| Images for object localization |
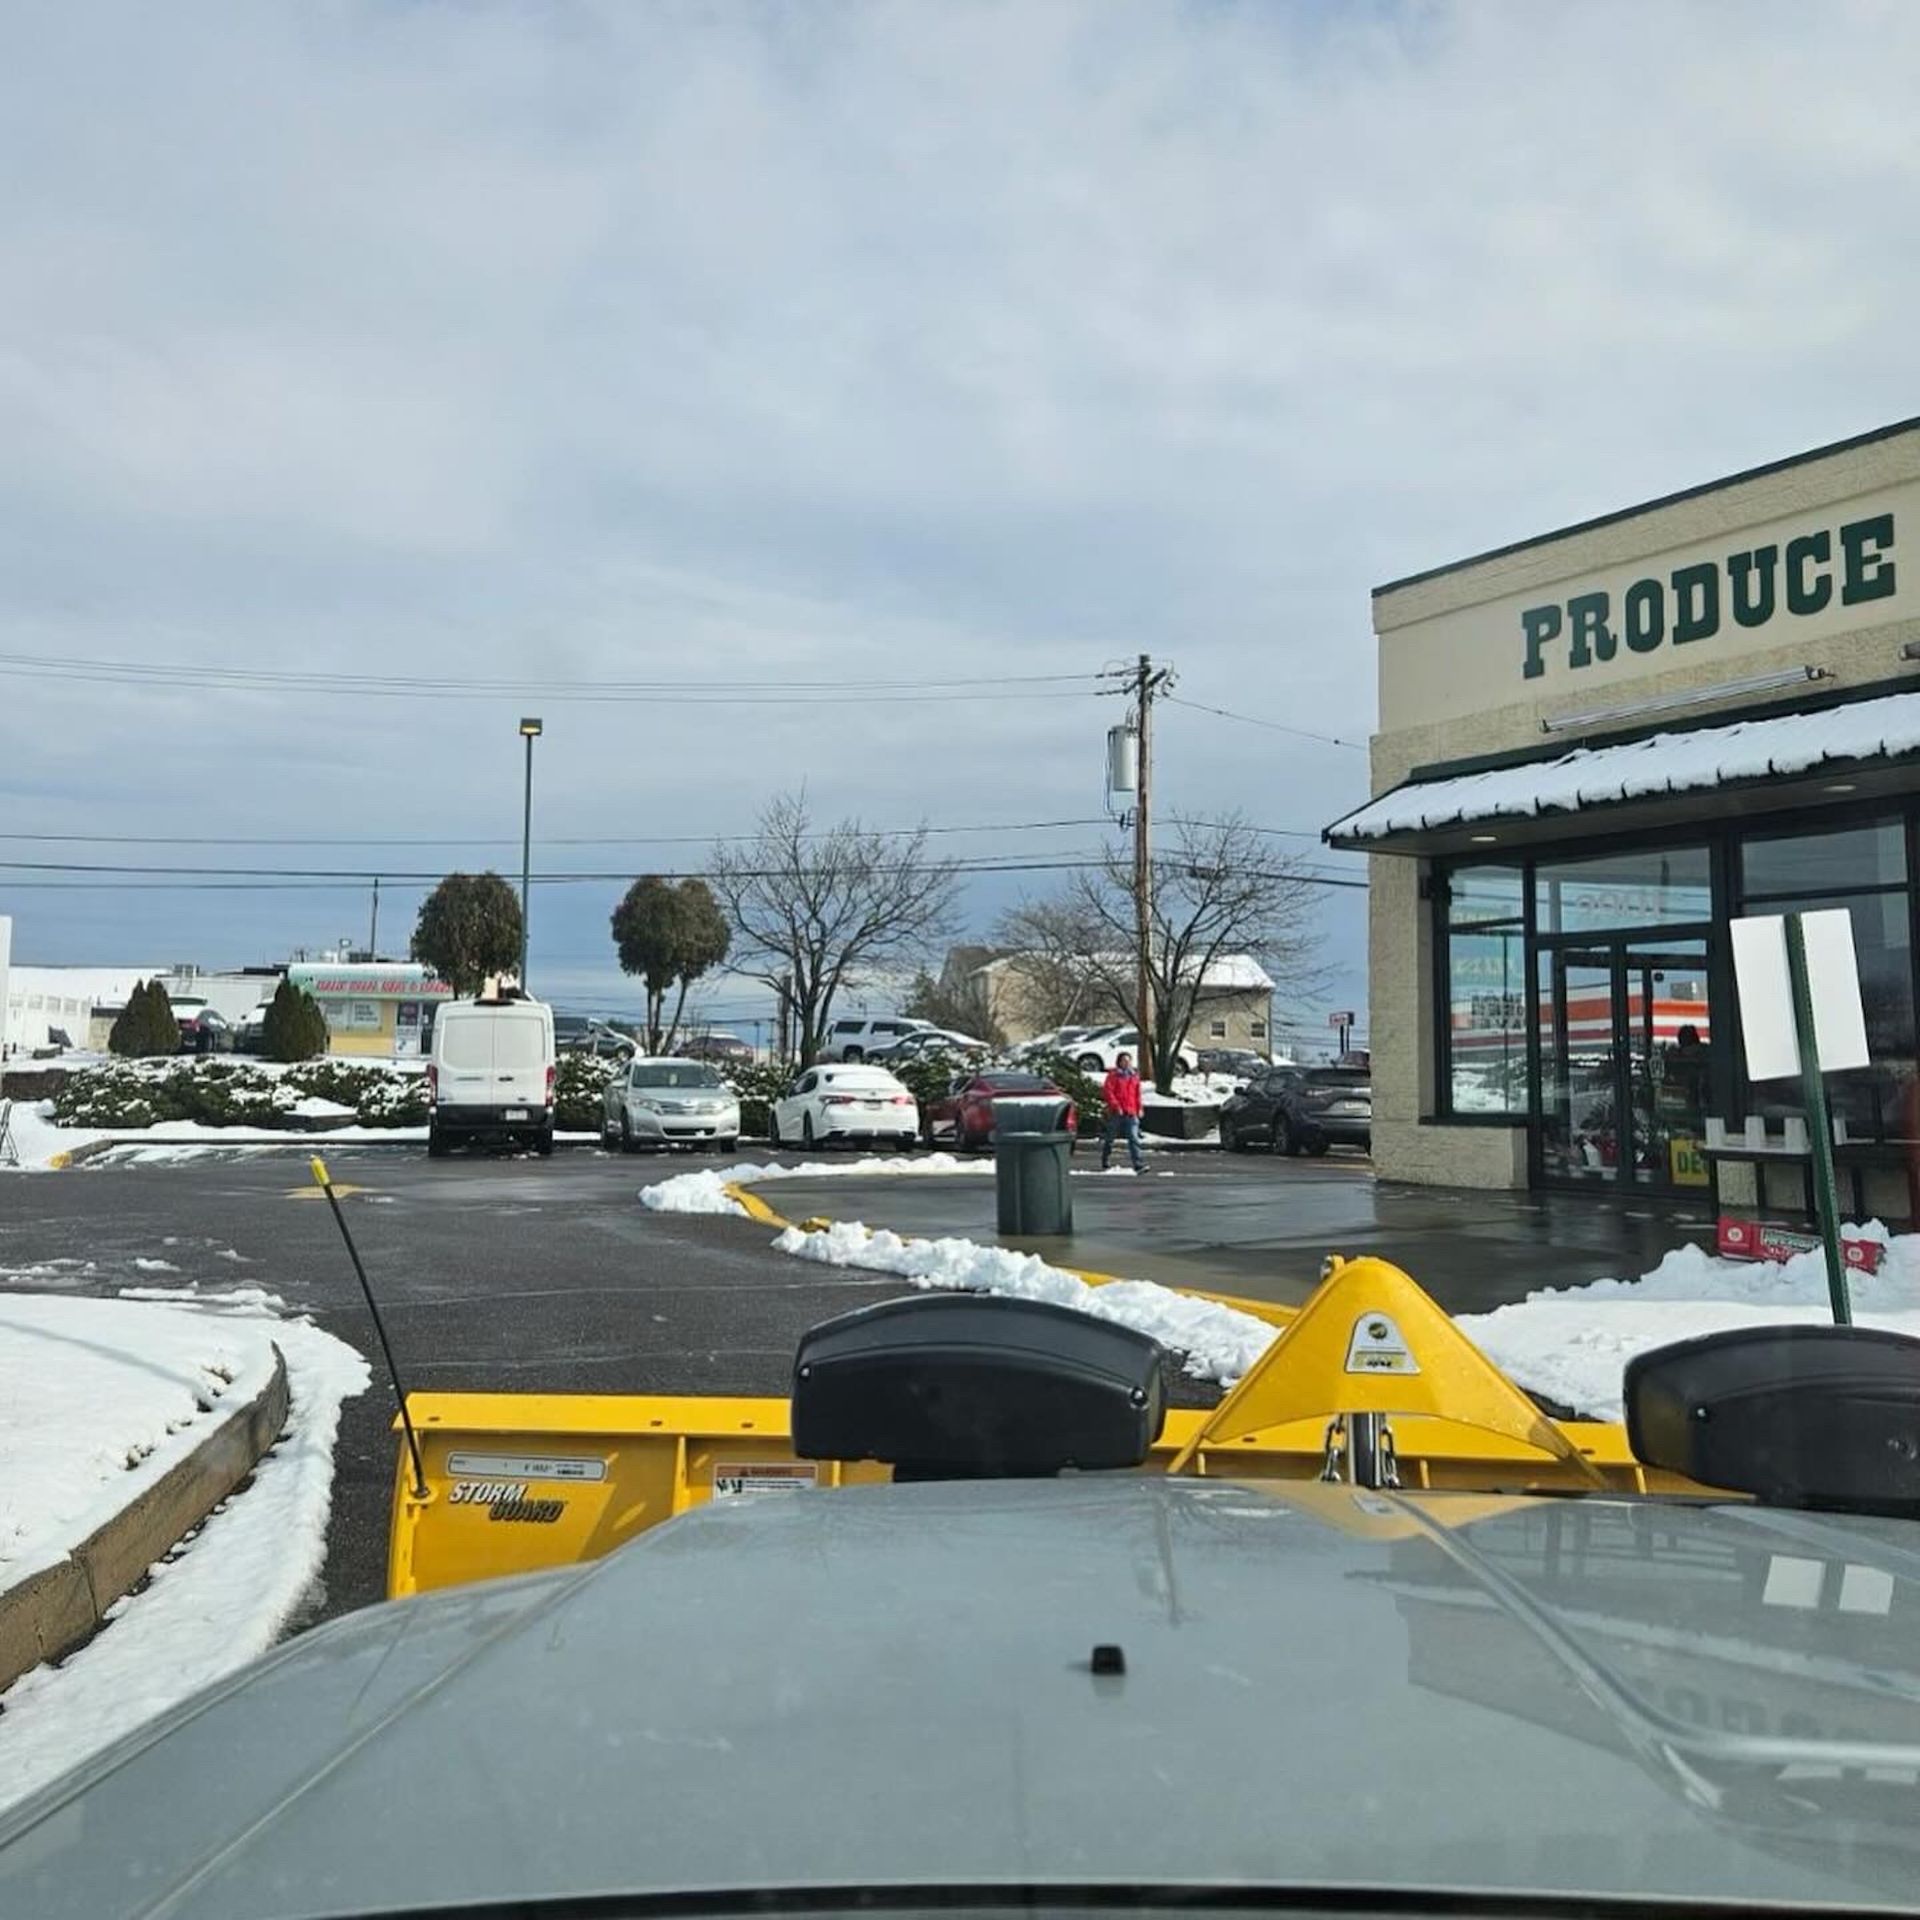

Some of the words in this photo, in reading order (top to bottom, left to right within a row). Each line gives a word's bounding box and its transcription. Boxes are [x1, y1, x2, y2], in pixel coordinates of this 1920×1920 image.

[1522, 513, 1896, 680] PRODUCE
[1677, 1151, 1708, 1175] DE
[449, 1481, 528, 1504] STORM
[489, 1499, 565, 1522] GUARD
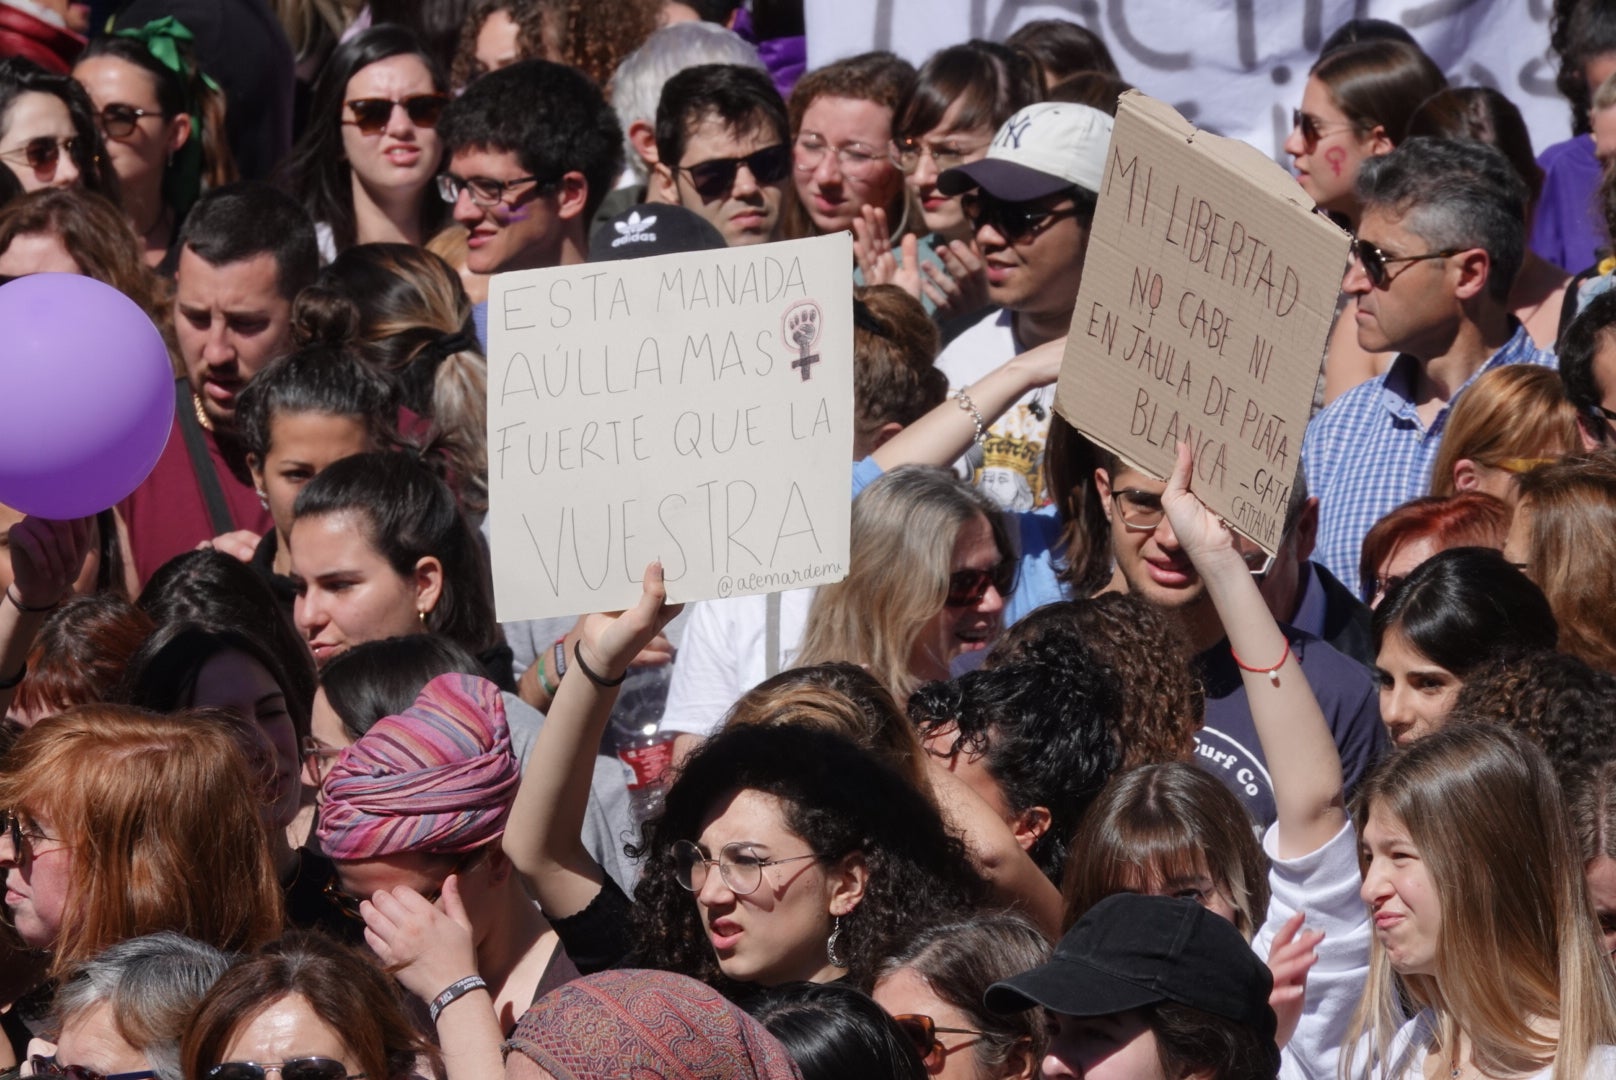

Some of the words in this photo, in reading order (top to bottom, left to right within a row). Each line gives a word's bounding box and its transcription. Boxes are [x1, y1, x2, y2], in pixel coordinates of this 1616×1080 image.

[611, 231, 657, 248] adidas
[1107, 145, 1152, 228] MI
[1166, 185, 1299, 317] LIBERTAD
[503, 271, 631, 331] ESTA
[656, 256, 807, 313] MANADA
[1129, 266, 1164, 324] NO
[1178, 292, 1234, 356] CABE
[1248, 334, 1274, 385] NI
[501, 337, 663, 406] AÚLLA
[679, 329, 774, 385] MAS
[1087, 301, 1120, 355] EN
[1123, 325, 1193, 400] JAULA
[1203, 375, 1236, 426] DE
[1239, 399, 1289, 470] PLATA
[496, 414, 650, 480] FUERTE
[673, 405, 765, 459] QUE
[790, 397, 832, 440] LA
[1130, 388, 1228, 491] BLANCA
[521, 479, 823, 598] VUESTRA
[1231, 496, 1277, 545] CATTANA
[1236, 768, 1259, 796] Co
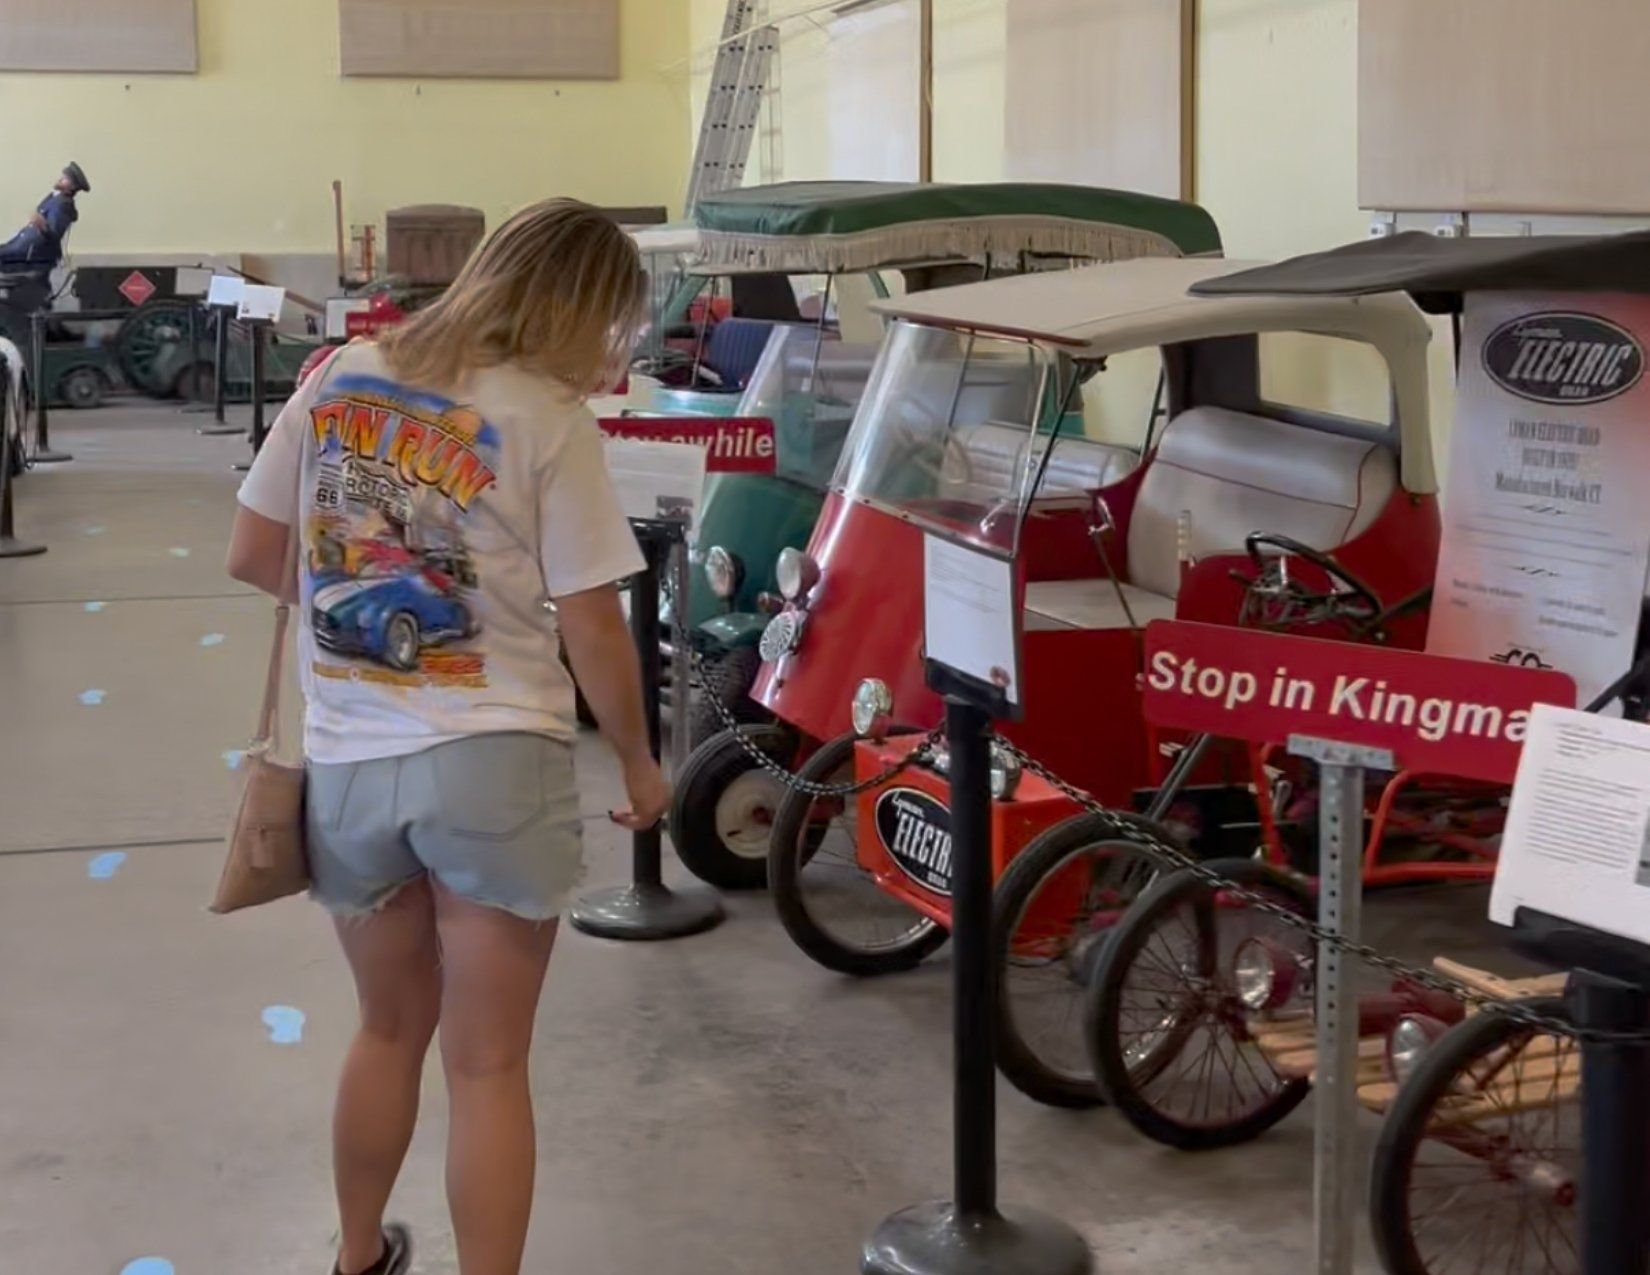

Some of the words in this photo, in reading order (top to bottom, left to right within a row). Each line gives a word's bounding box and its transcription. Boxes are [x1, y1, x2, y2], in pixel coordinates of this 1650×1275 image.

[316, 487, 339, 505] 66
[1148, 651, 1258, 710] Stop
[1268, 667, 1315, 711] in
[1328, 674, 1532, 741] Kingma
[893, 812, 952, 878] ELECTR

| Problem to solve |
Could you transcribe all of the data exactly, keeping every picture out of the copy?

| Output for this task |
Some of the words in this photo, in reading order (top to bottom, left to right within a row). Each line gives a word's bounding box and its transcription. Boxes are [x1, y1, x2, y2], in pixel coordinates of this 1920×1920 image.

[1522, 513, 1896, 680] PRODUCE
[1677, 1151, 1708, 1175] DE
[449, 1481, 528, 1504] STORM
[489, 1499, 565, 1522] GUARD

Some of the words in this photo, in reading order (top to bottom, left to right within a row). Each line gives a word's bounding box and its transcription. Boxes are [x1, y1, x2, y2], in pixel coordinates of this 1616×1080 image.

[611, 231, 657, 248] adidas
[1107, 145, 1152, 228] MI
[1166, 185, 1299, 317] LIBERTAD
[503, 271, 631, 331] ESTA
[656, 256, 807, 313] MANADA
[1129, 266, 1164, 324] NO
[1178, 292, 1234, 356] CABE
[1248, 334, 1274, 385] NI
[501, 337, 663, 406] AÚLLA
[679, 329, 774, 385] MAS
[1087, 301, 1120, 355] EN
[1123, 325, 1193, 400] JAULA
[1203, 375, 1236, 426] DE
[1239, 399, 1289, 470] PLATA
[496, 414, 650, 480] FUERTE
[673, 405, 765, 459] QUE
[790, 397, 832, 440] LA
[1130, 388, 1228, 491] BLANCA
[521, 479, 823, 598] VUESTRA
[1231, 496, 1277, 545] CATTANA
[1236, 768, 1259, 796] Co

Some of the words in this photo, in reading order (top to bottom, left to right within a row). Each line gives a word's bounding box and its transcription. Boxes are [x1, y1, x2, y2], in pixel coordinates of this 1650×1275 image.

[316, 487, 339, 505] 66
[1148, 651, 1258, 710] Stop
[1268, 667, 1315, 711] in
[1328, 674, 1532, 741] Kingma
[893, 812, 952, 878] ELECTR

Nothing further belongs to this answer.